Stored data:
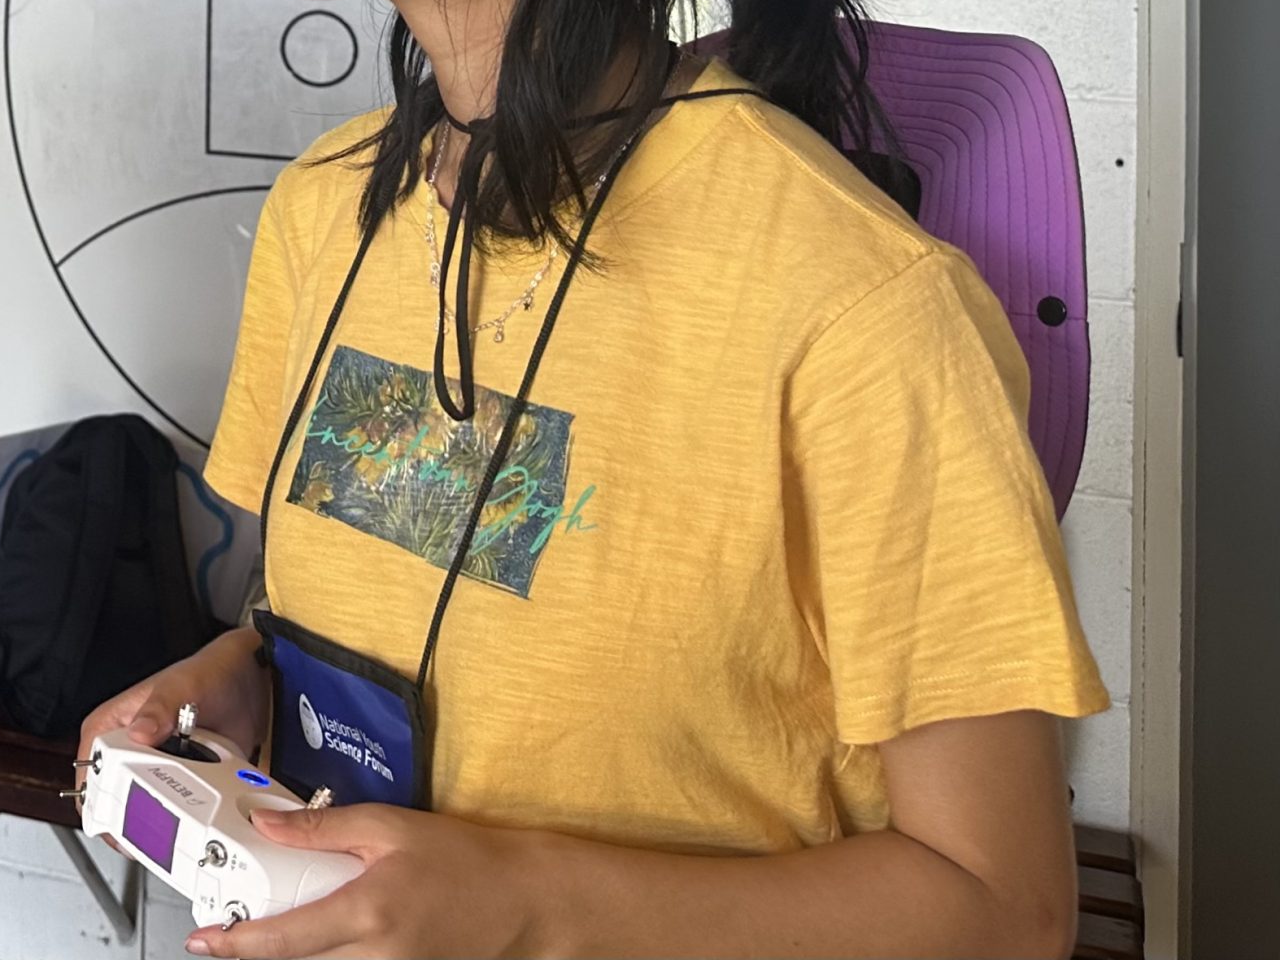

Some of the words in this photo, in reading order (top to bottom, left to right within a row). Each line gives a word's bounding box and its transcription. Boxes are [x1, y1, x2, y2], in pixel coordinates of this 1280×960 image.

[318, 712, 363, 744] National
[360, 729, 387, 760] Youth
[324, 731, 362, 764] Science
[364, 748, 394, 782] Forum
[148, 767, 193, 798] BETAFPV
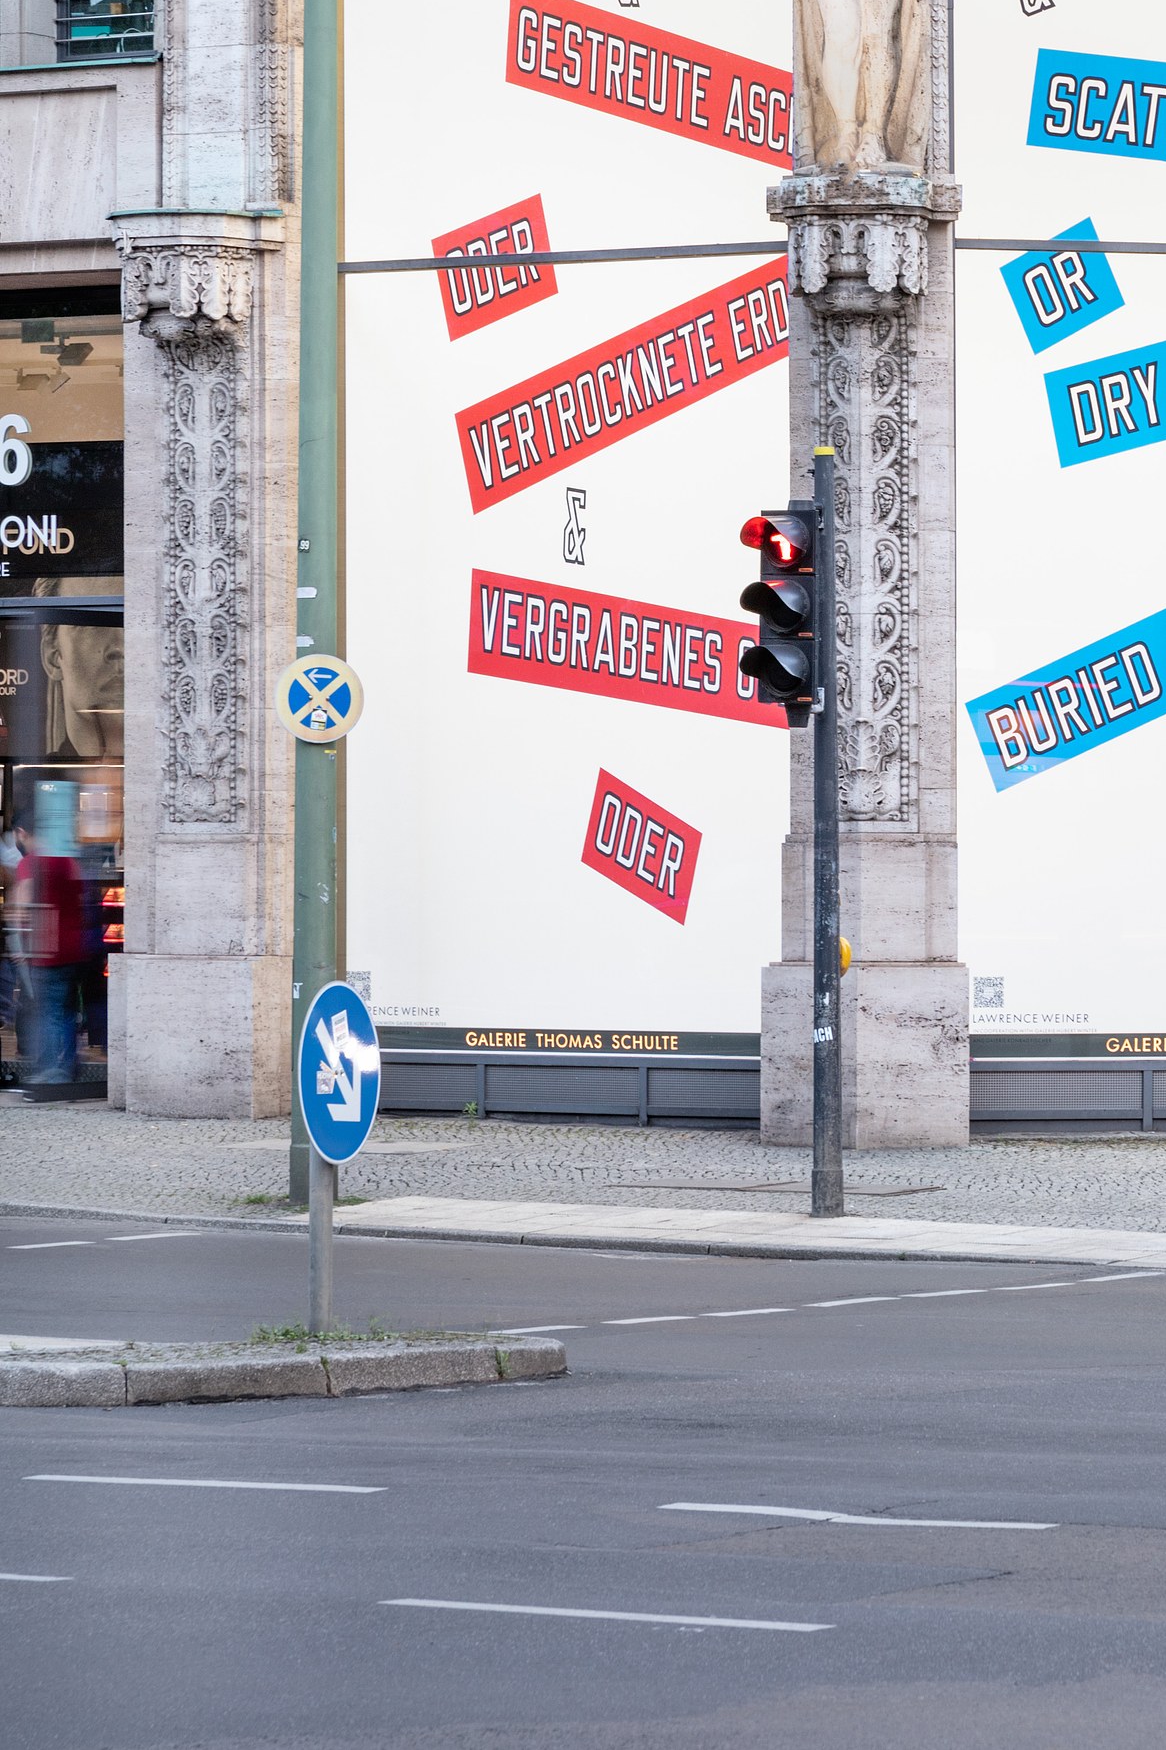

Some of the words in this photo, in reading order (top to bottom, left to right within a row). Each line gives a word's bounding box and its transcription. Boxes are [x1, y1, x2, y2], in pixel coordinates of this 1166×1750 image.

[516, 5, 711, 130] GESTREUTE
[445, 217, 541, 316] ODER
[1022, 249, 1099, 328] OR
[468, 310, 724, 491] VERTROCKNETE
[1067, 361, 1161, 447] DRY
[563, 487, 586, 566] &
[480, 584, 723, 696] VERGRABENES
[985, 640, 1163, 772] BURIED
[594, 790, 685, 900] ODER
[401, 1007, 440, 1017] WEINER
[465, 1031, 526, 1048] GALERIE
[535, 1033, 602, 1049] THOMAS
[611, 1035, 679, 1051] SCHULTE
[972, 1013, 1038, 1024] LAWRENCE
[1041, 1013, 1089, 1024] WEINER

Task objective: Could you write out all the records exactly, without the pictures?

Result for this task:
Some of the words in this photo, in reading order (top to bottom, left to right within a row). Each line gives a word's bounding box and its transcription. Boxes are [x1, y1, x2, y2], in pixel coordinates of this 1280×960 image.

[318, 712, 363, 744] National
[360, 729, 387, 760] Youth
[324, 731, 362, 764] Science
[364, 748, 394, 782] Forum
[148, 767, 193, 798] BETAFPV

Some of the words in this photo, in reading order (top to bottom, left to right within a row). Each line gives a word's bounding box and its transcription. Boxes are [x1, y1, x2, y2], in pixel coordinates of this 1166×1750 image.

[516, 5, 711, 130] GESTREUTE
[445, 217, 541, 316] ODER
[1022, 249, 1099, 328] OR
[468, 310, 724, 491] VERTROCKNETE
[1067, 361, 1161, 447] DRY
[563, 487, 586, 566] &
[480, 584, 723, 696] VERGRABENES
[985, 640, 1163, 772] BURIED
[594, 790, 685, 900] ODER
[401, 1007, 440, 1017] WEINER
[465, 1031, 526, 1048] GALERIE
[535, 1033, 602, 1049] THOMAS
[611, 1035, 679, 1051] SCHULTE
[972, 1013, 1038, 1024] LAWRENCE
[1041, 1013, 1089, 1024] WEINER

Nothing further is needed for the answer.